### [Task to complete]
All lines from the one containing "this 1536×1728 image." to the end of the data below are to be returned exactly, both ends included, with nothing added.

[Free-text object descriptions]
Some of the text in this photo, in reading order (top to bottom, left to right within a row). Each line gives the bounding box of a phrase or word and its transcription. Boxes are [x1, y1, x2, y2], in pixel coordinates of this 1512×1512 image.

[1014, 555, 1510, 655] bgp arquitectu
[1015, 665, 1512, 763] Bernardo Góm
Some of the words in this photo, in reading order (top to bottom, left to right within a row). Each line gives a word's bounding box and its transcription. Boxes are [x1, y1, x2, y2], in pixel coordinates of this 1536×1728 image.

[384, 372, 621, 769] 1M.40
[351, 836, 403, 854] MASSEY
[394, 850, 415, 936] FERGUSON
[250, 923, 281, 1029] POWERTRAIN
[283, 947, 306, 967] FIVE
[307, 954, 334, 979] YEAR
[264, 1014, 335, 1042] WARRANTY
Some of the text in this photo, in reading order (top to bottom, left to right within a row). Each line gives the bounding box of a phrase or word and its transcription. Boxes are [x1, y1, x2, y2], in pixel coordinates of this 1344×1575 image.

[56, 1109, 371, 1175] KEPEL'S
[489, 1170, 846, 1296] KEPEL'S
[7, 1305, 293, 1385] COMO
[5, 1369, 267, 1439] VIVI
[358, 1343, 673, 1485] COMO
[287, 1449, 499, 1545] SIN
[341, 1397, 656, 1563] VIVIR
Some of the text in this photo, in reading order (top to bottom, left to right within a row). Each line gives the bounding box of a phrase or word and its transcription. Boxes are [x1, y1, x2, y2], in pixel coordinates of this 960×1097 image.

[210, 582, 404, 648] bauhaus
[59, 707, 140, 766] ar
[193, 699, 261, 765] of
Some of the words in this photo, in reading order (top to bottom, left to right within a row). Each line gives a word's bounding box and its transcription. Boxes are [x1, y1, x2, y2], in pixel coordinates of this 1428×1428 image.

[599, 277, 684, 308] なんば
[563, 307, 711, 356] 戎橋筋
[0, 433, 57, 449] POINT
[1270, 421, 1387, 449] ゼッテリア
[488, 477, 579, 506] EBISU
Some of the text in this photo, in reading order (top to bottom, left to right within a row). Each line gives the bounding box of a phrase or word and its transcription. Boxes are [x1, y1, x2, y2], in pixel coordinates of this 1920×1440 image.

### [Reply to the exercise]
Some of the words in this photo, in reading order (top to bottom, left to right within a row). Each line gives a word's bounding box and its transcription. Boxes are [x1, y1, x2, y2], in pixel coordinates of this 1536×1728 image.

[384, 372, 621, 769] 1M.40
[351, 836, 403, 854] MASSEY
[394, 850, 415, 936] FERGUSON
[250, 923, 281, 1029] POWERTRAIN
[283, 947, 306, 967] FIVE
[307, 954, 334, 979] YEAR
[264, 1014, 335, 1042] WARRANTY
Some of the text in this photo, in reading order (top to bottom, left to right within a row). Each line gives the bounding box of a phrase or word and its transcription. Boxes are [x1, y1, x2, y2], in pixel coordinates of this 1344×1575 image.

[56, 1109, 371, 1175] KEPEL'S
[489, 1170, 846, 1296] KEPEL'S
[7, 1305, 293, 1385] COMO
[5, 1369, 267, 1439] VIVI
[358, 1343, 673, 1485] COMO
[287, 1449, 499, 1545] SIN
[341, 1397, 656, 1563] VIVIR
Some of the text in this photo, in reading order (top to bottom, left to right within a row). Each line gives the bounding box of a phrase or word and its transcription. Boxes are [x1, y1, x2, y2], in pixel coordinates of this 960×1097 image.

[210, 582, 404, 648] bauhaus
[59, 707, 140, 766] ar
[193, 699, 261, 765] of
Some of the words in this photo, in reading order (top to bottom, left to right within a row). Each line gives a word's bounding box and its transcription. Boxes are [x1, y1, x2, y2], in pixel coordinates of this 1428×1428 image.

[599, 277, 684, 308] なんば
[563, 307, 711, 356] 戎橋筋
[0, 433, 57, 449] POINT
[1270, 421, 1387, 449] ゼッテリア
[488, 477, 579, 506] EBISU
Some of the text in this photo, in reading order (top to bottom, left to right within a row). Each line gives the bounding box of a phrase or word and its transcription. Boxes are [x1, y1, x2, y2], in pixel coordinates of this 1920×1440 image.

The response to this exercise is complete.